The above is from http://raypeat.com/articles/hormones/h1.shtml

http://raypeat.com/articles/aging/a1.shtml

The above information was arrived at via John R Lee who has published and co-authored 5 books.

http://www.johnleemd.com - John Roland Lee's (b.27-Nov-1929 d.17-Oct-2003) web site

Oestrogen dominance is remedied by taking natural progesterone. Progesterone is only available by prescription in the UK, however it can be imported for personal use.

The key words for your browser search (Google, Yahoo, etc ..) are - progesterone cream USP john lee ray peat. This should provide a selection of web sites.

USP = United States Pharmacopoeia - this is important as it confirms that it is bio-identical to human progesterone. Artificial progesterones, which now seem to be called progestins, should not be used.

On the Web Sites further information can be obtained, basically after her family is complete a woman may need 20mg of progesterone cream per day applied to the recommended sites during the second half of her monthly cycle.

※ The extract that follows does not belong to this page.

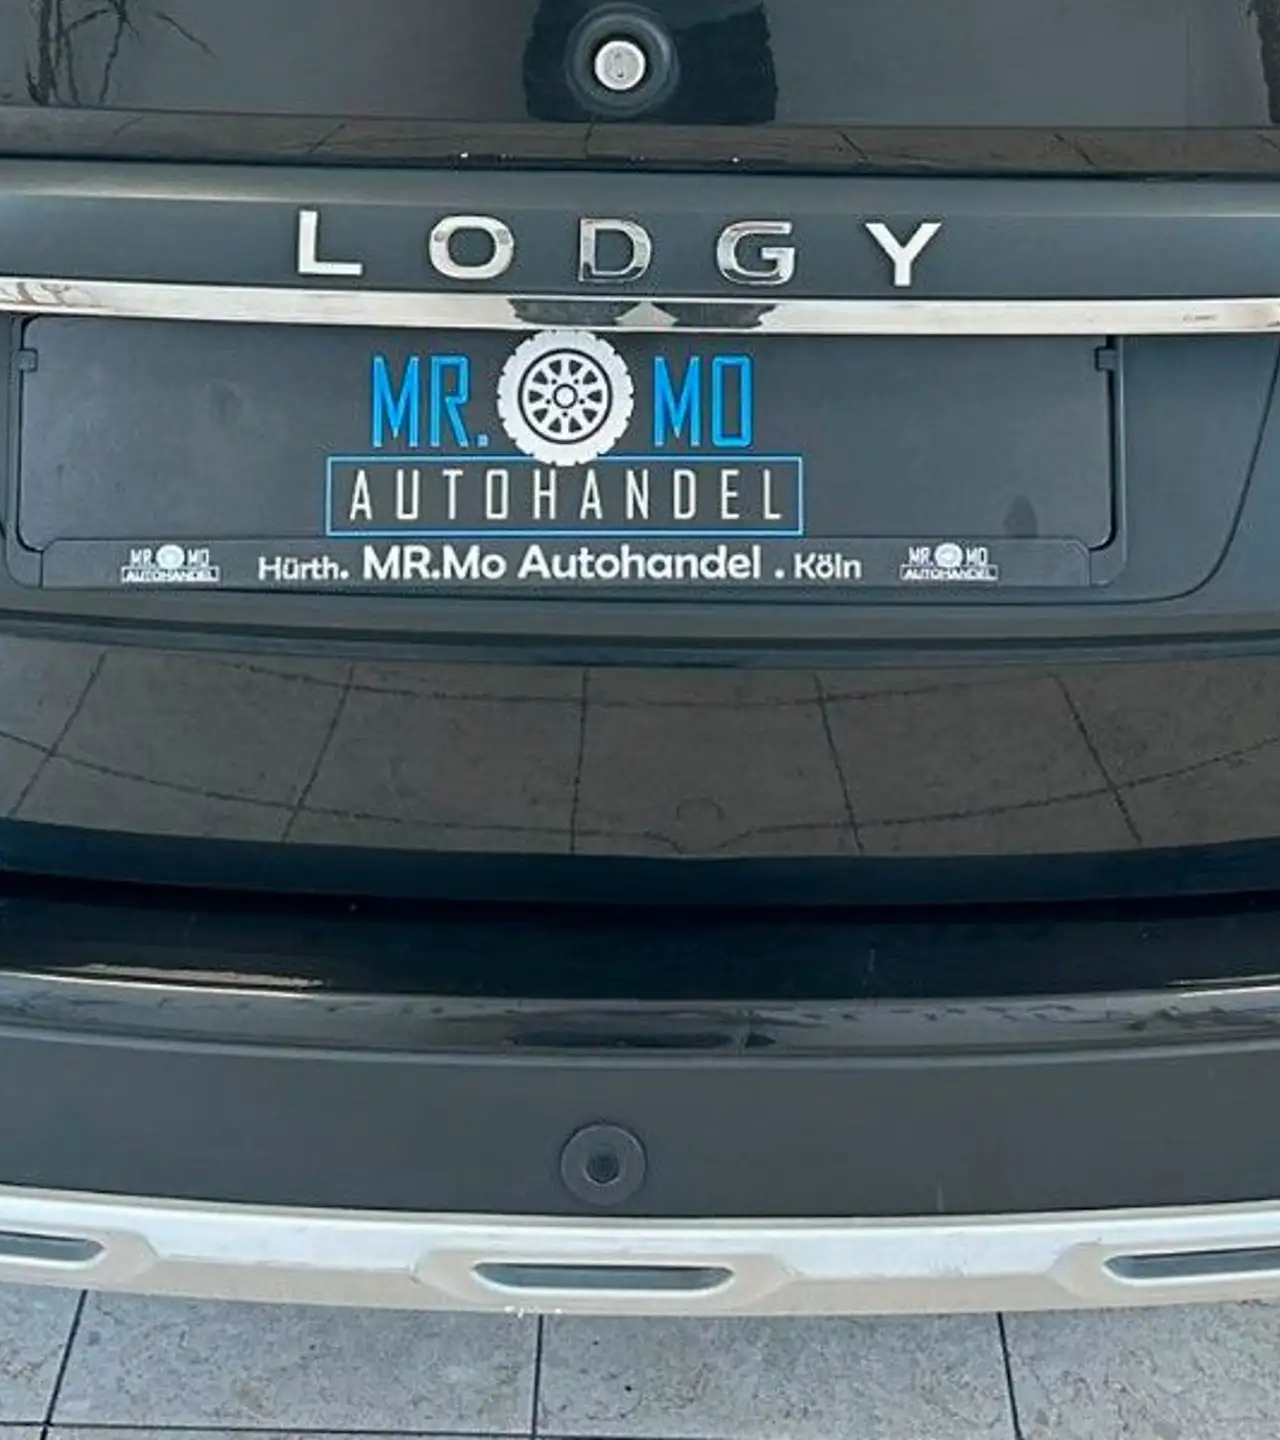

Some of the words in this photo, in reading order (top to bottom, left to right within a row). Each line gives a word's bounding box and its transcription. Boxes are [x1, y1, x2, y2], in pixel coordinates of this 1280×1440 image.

John Lee based the 20mg per day on the basis that this was the "natural amount" produced by a woman during the second half of her monthly cycle. For information, during pregnancy the placenta makes 400mg per day.

Men may require 10mg of progesterone cream per day.

http://antiagingguide.com/natural-progesterone-dosage.htm - this gives fuller details of when to apply the cream for a woman at the different stages of her life.

The following web site gives some back ground to John Lee's work http://www.sptimes.com/2003/02/25/Floridian/Estrogen_isn_t_enough.shtml

Progesterone cream USP may be the solution in many cases. If it does not solve the issue the progesterone may have been counteracted by some "other medicine."